Einige überdurchschnittlich positiv bewertete
Assoziationen zu »KorrekteKlassiker«
humdinger schrieb am 15.12. 2002 um 16:56:16 Uhr zu
Bewertung: 29 Punkt(e)
Die Stelle wird immer steiler, und man geht lange hinan; man geht aber immer in einer Rinne, gleichsam wie in einem ausgerundeten Graben, hinan, was den Nutzen hat, daß man auf der großen, baumlosen und überall gleichen Stelle nicht leicht irren kann. Nach einer Zeit erscheinen Metallwände, die wie Kirchen gerade aus dem Grasboden aufsteigen, und zwischen deren Glanz man längere Zeit hinan gehen kann.
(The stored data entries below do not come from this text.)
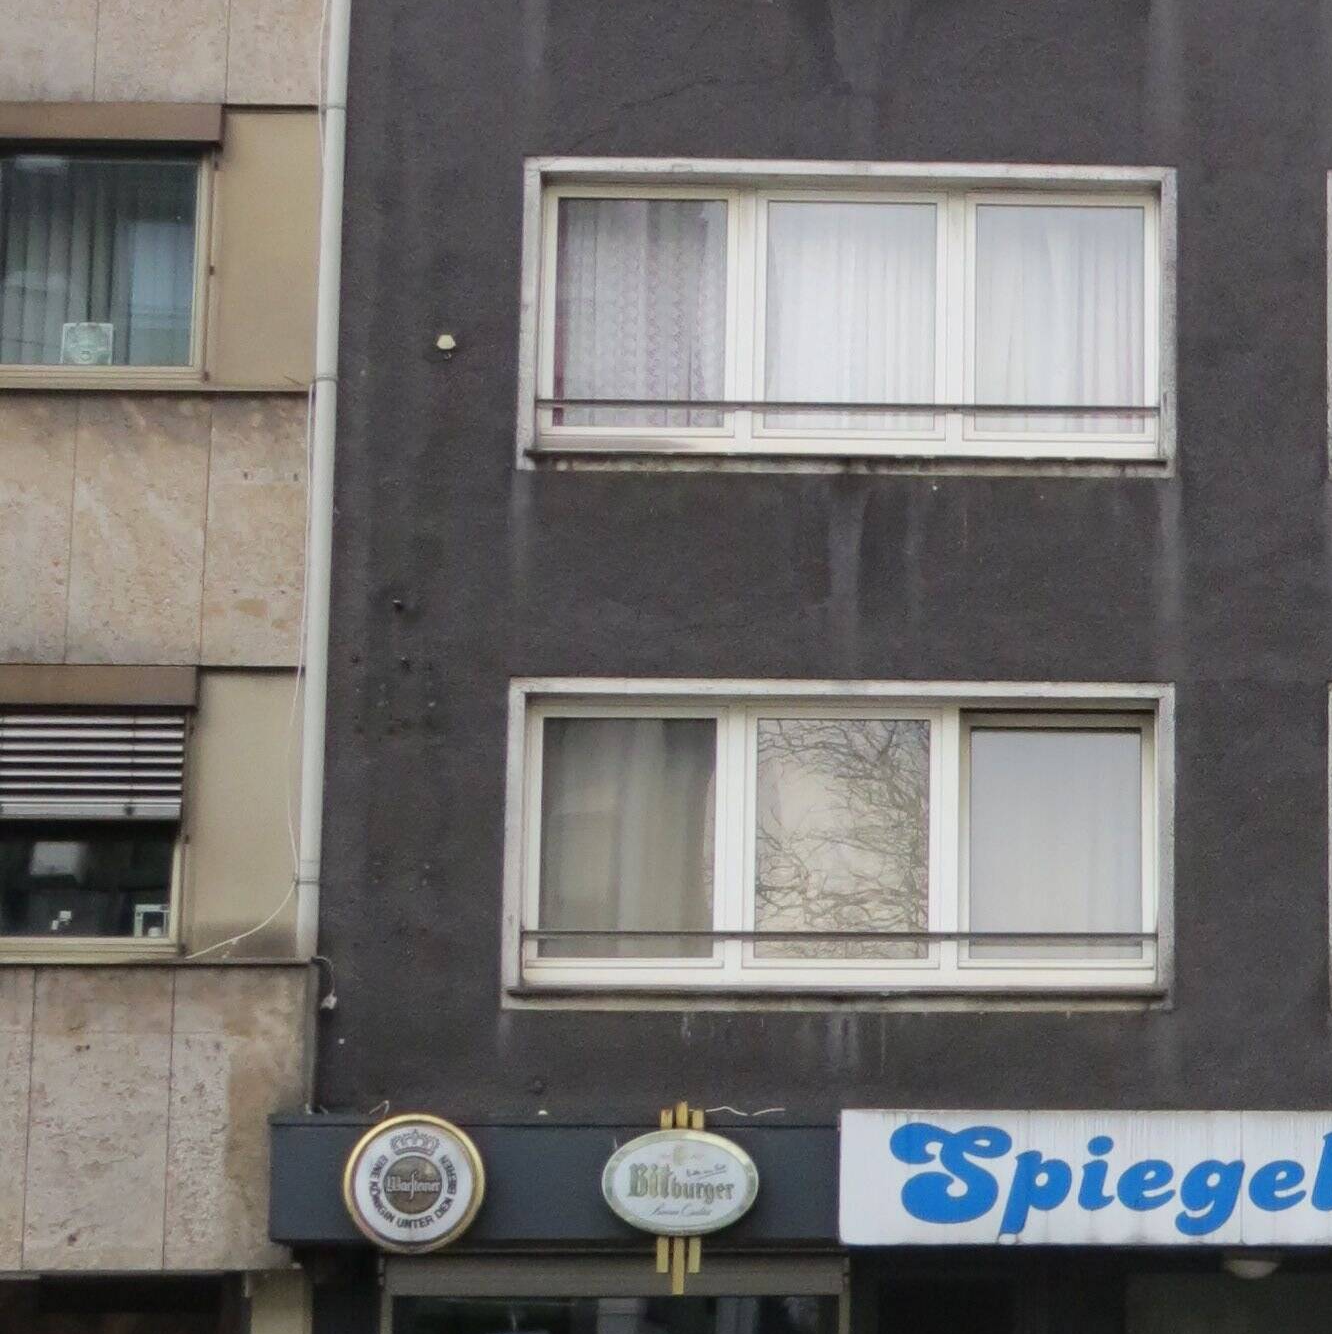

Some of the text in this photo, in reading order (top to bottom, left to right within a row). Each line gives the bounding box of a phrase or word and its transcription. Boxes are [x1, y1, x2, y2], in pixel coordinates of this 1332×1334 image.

[627, 1162, 735, 1204] Bitburger
[396, 1215, 435, 1229] UNTER
[433, 1196, 455, 1219] DEN
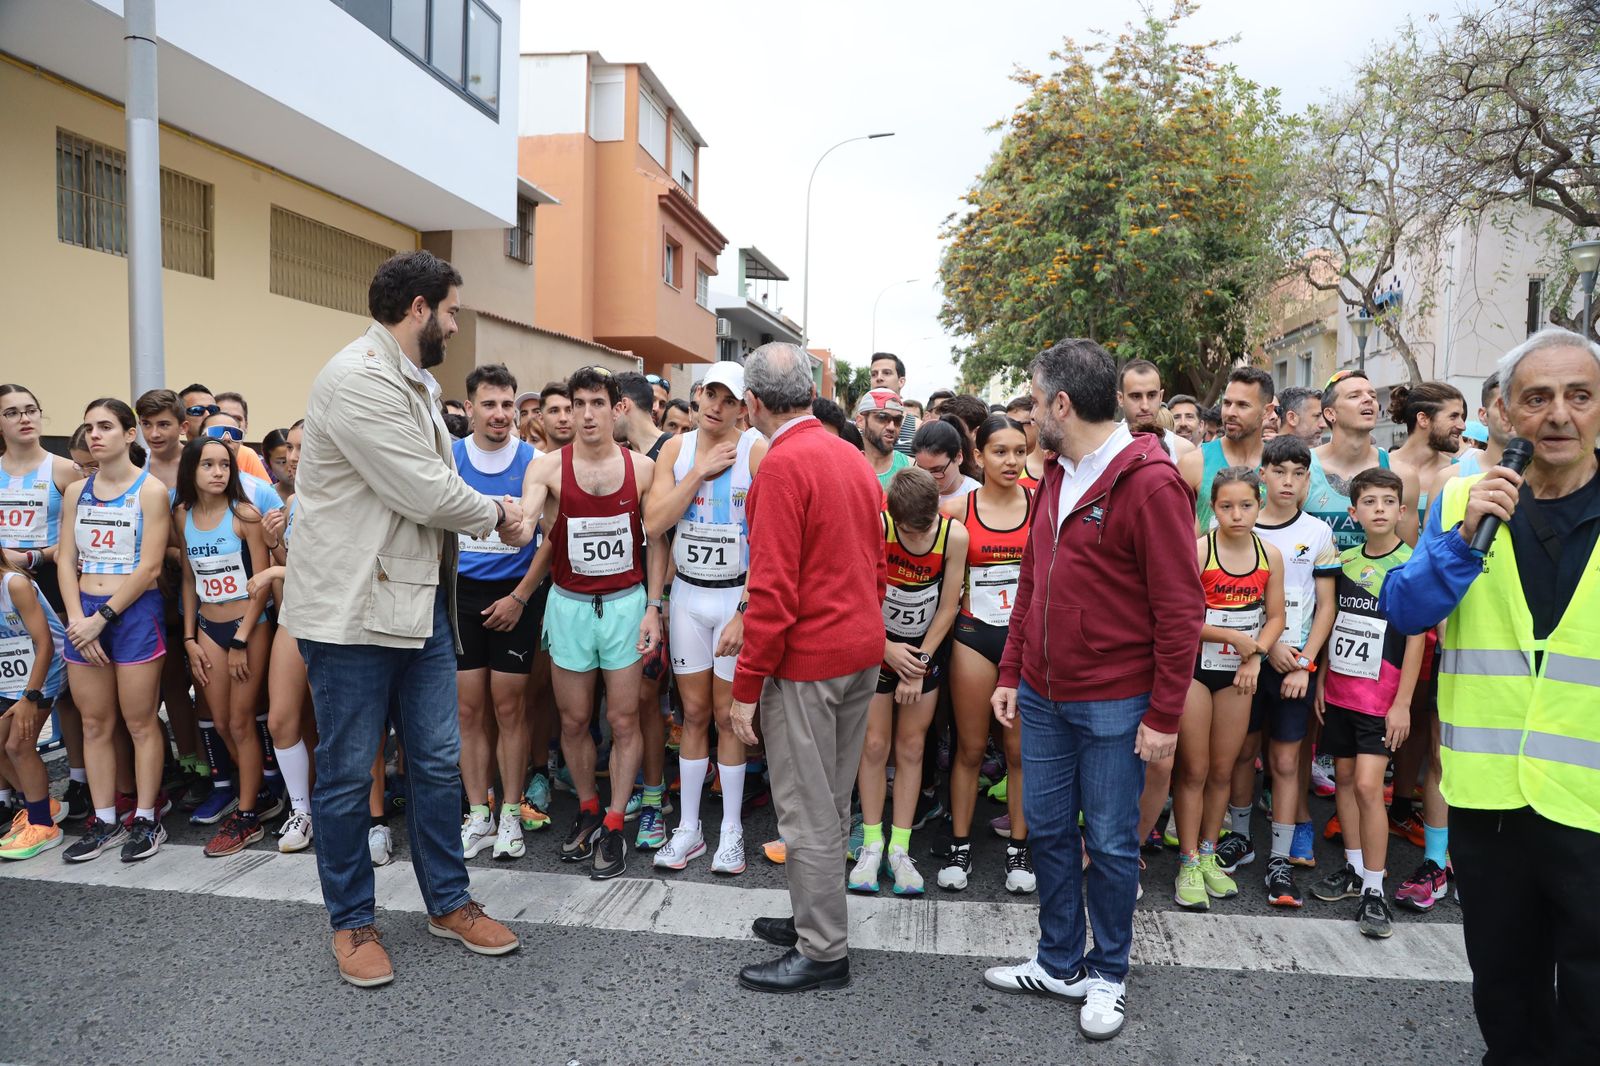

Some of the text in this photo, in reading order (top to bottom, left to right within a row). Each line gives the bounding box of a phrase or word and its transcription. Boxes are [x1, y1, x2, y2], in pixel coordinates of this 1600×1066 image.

[90, 528, 115, 549] 24
[583, 539, 625, 562] 504
[687, 544, 727, 566] 571
[203, 575, 237, 597] 298
[1214, 585, 1258, 596] Málaga
[1225, 593, 1257, 602] Bahía
[888, 606, 927, 626] 751
[1335, 636, 1369, 662] 674
[0, 659, 28, 678] 80
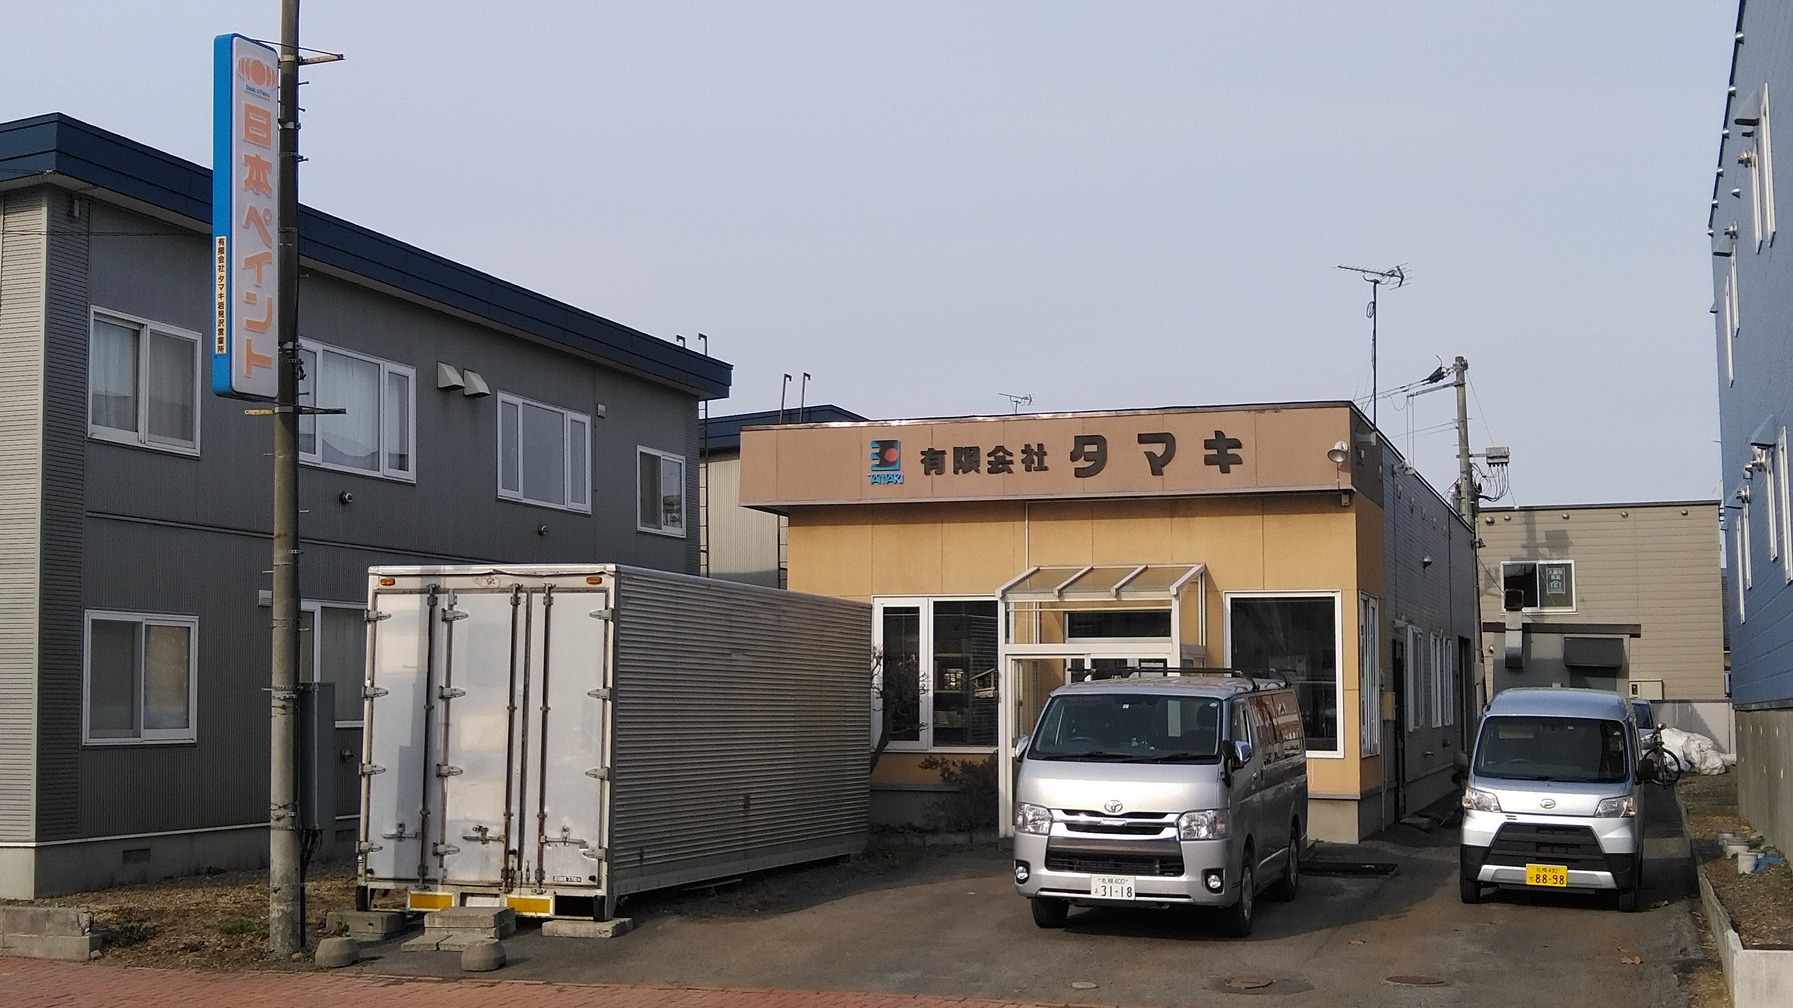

Dann erscheinen wieder kahle, fast pflanzenlose Rücken, die bereits in die Lufträume der höhern Gegenden ragen und gerade zu den übrigen Trümmern der Raumstation führen. Zu beiden Seiten dieses Weges sind steile Wände, und durch diesen Damm hängt der Schneeberg mit dem Wrack zusammen. Um das Eis zu überwinden, geht man eine geraume Zeit an der Grenze desselben, wo es von den Felsen umstanden ist, dahin, bis man zu dem ältern Firn gelangt, der die Eisspalten überbaut und in den meisten Zeiten des Jahres den Wanderer trägt. An der höchsten Stelle des Firns erheben sich die zwei Hörner aus dem Schnee, wovon eines das höhere, mithin die Spitze des Shuttles ist, das noch im Absturz mit der Station verbunden war. Diese Kuppen sind sehr schwer zu erklimmen; da sie mit einem oft breiteren, oft engeren Schneegraben - darin die zerschlagenen Solarsegel - umgeben sind, der übersprungen werden muß, und da ihre steilrechten Wände nur kleine Absätze haben, in welche der Fuß eingesetzt werden muß, so begnügen sich die meisten Besteiger des Berges damit, bis zu den Trümmerhaufen gelangt zu sein, und dort die Rundsicht, so weit sie nicht durch das Horn verdeckt ist, zu genießen. Die den Gipfel besteigen wollen, müssen dies mit Hilfe von Schneidbrennern, Stricken und Klammern tun.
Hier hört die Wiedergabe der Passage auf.